▶ _TASK MATERIAL_:
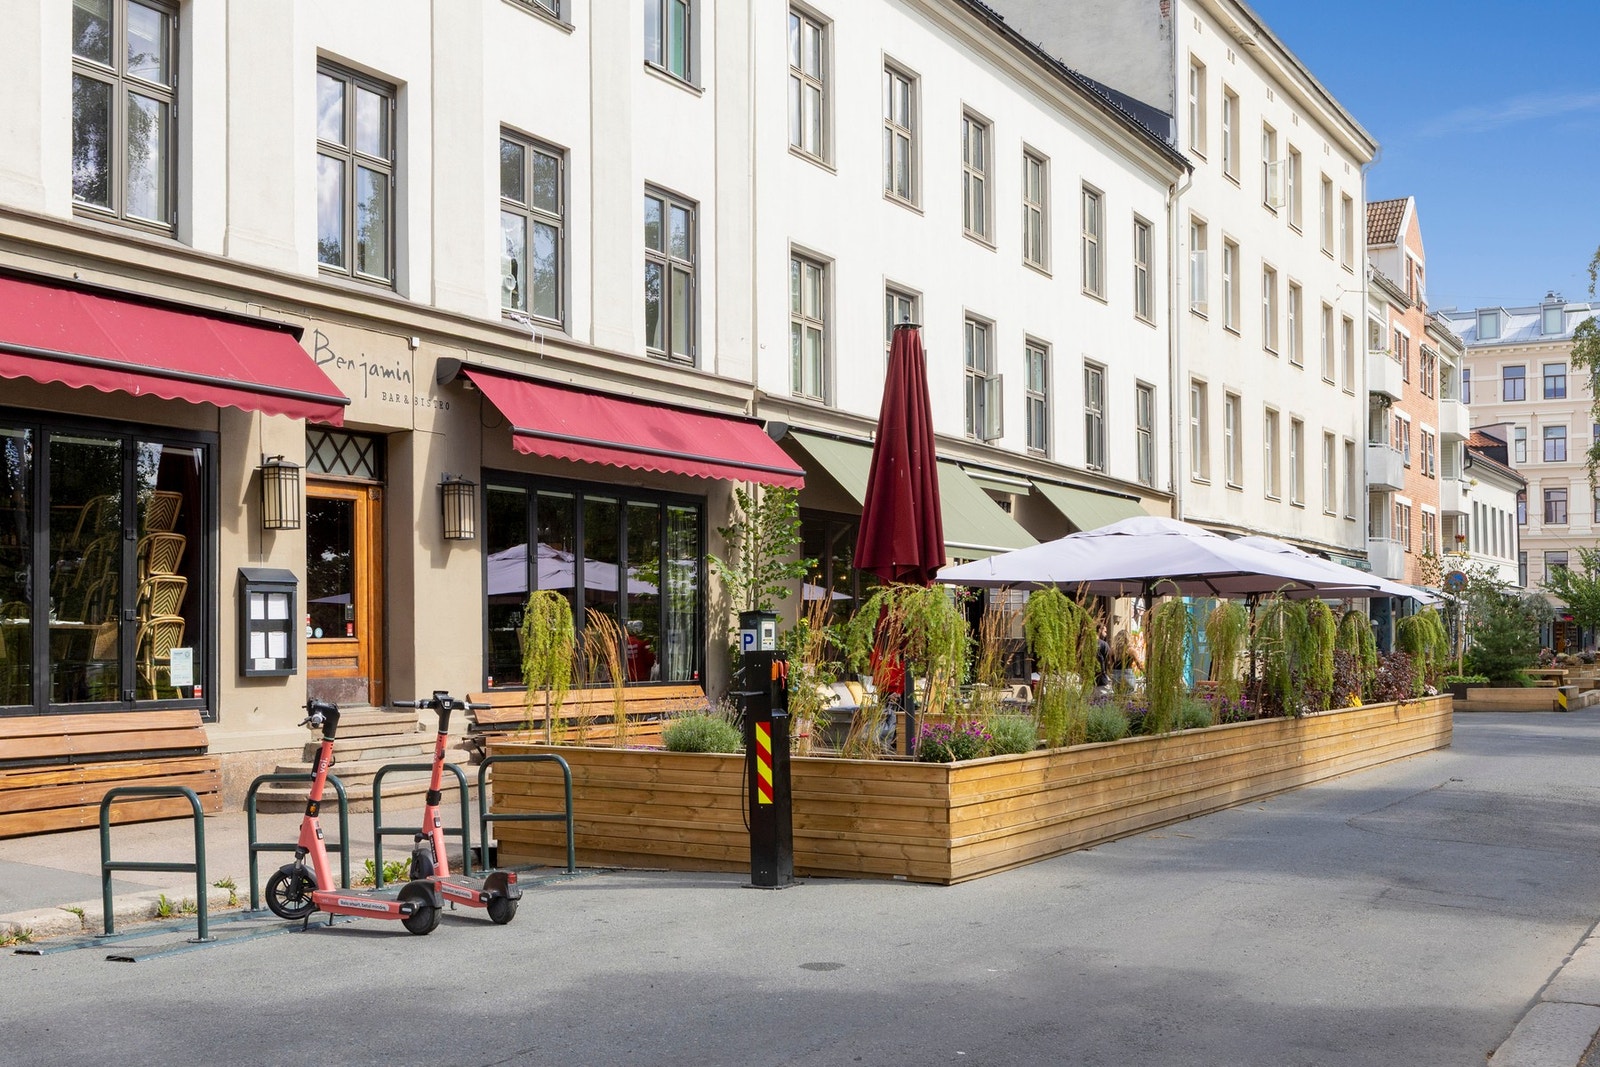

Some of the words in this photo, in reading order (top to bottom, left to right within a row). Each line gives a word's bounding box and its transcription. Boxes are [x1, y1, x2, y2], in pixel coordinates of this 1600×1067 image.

[313, 328, 411, 398] Benjamin
[382, 391, 401, 403] BAR
[404, 394, 410, 405] &
[414, 396, 450, 411] BISTRO
[744, 634, 754, 650] P
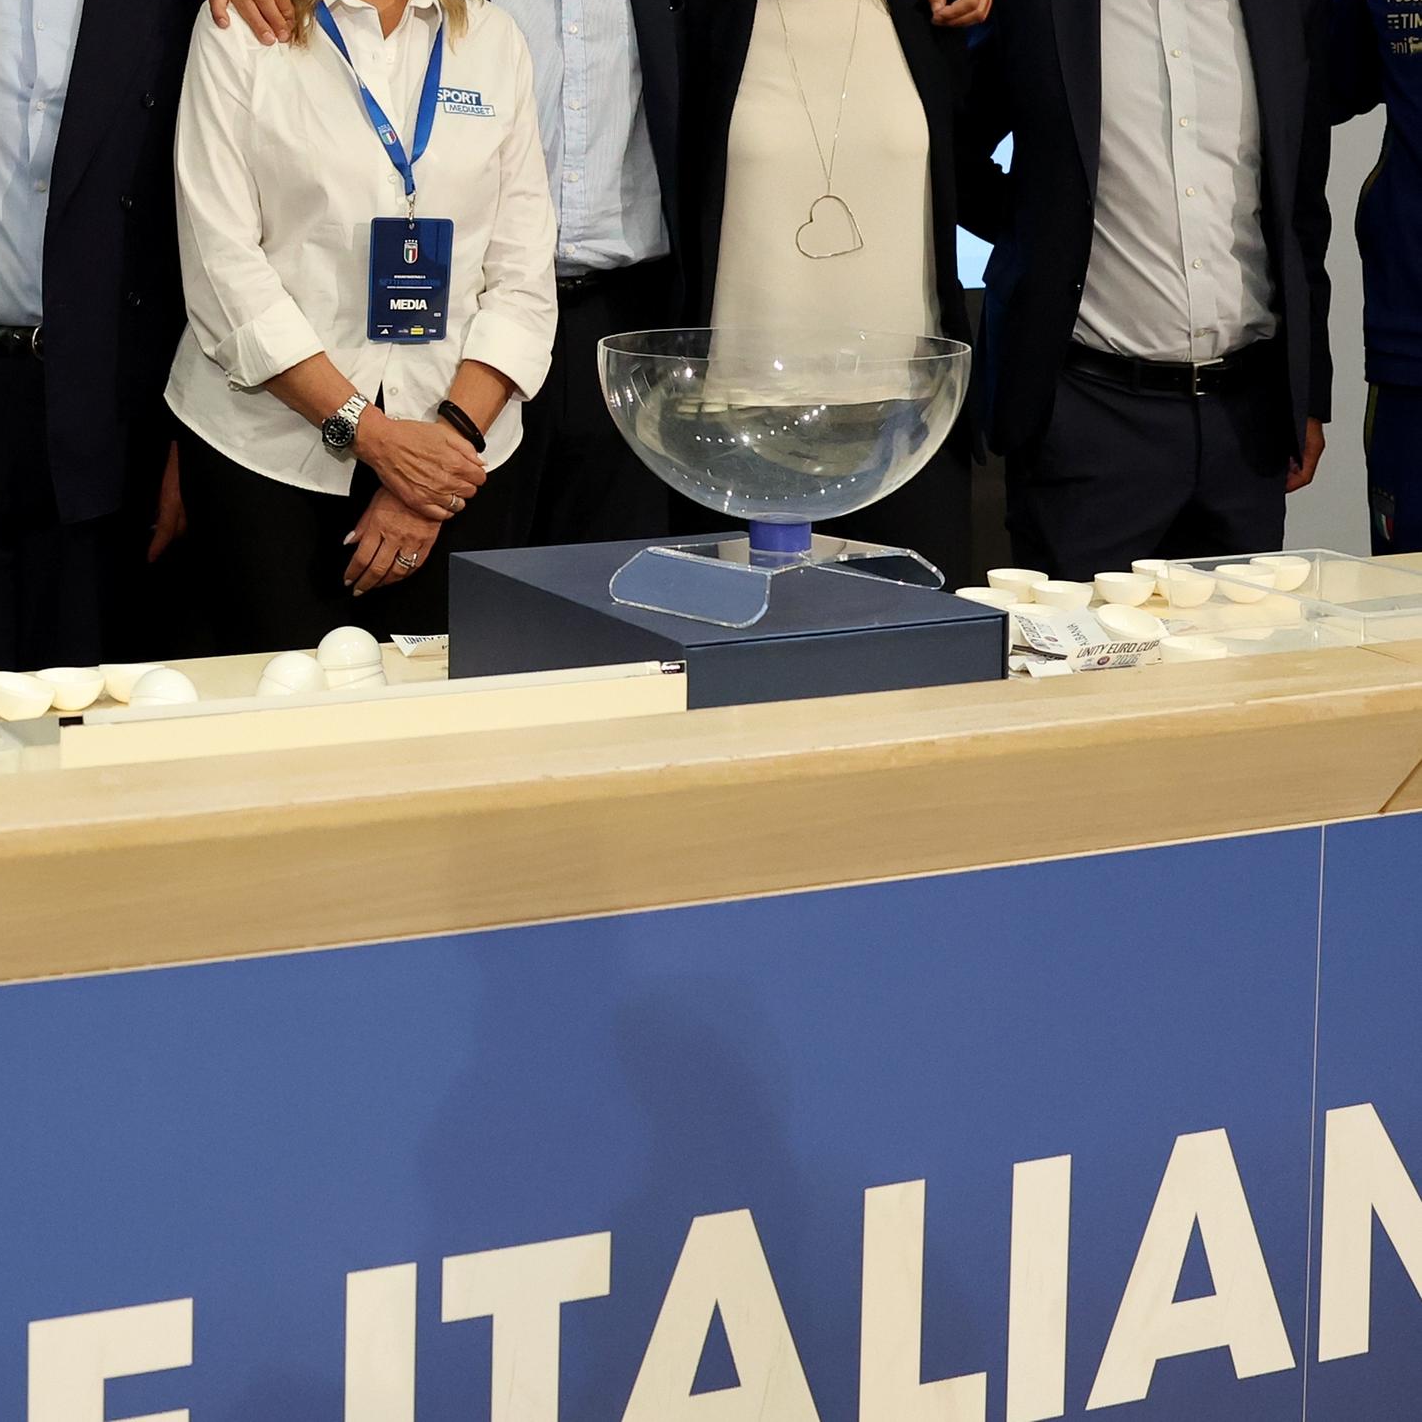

▶ _TASK OBJECTIVE_: Return the whole listing exactly, minus its pictures.

▶ _TASK ANSWER_:
Some of the words in this photo, in reading order (top to bottom, left to right within a row). Each line gives a word's bounding box and its transcription. Boxes are [x1, y1, x2, y2], in pixel coordinates of this 1600×1067 image.

[313, 328, 411, 398] Benjamin
[382, 391, 401, 403] BAR
[404, 394, 410, 405] &
[414, 396, 450, 411] BISTRO
[744, 634, 754, 650] P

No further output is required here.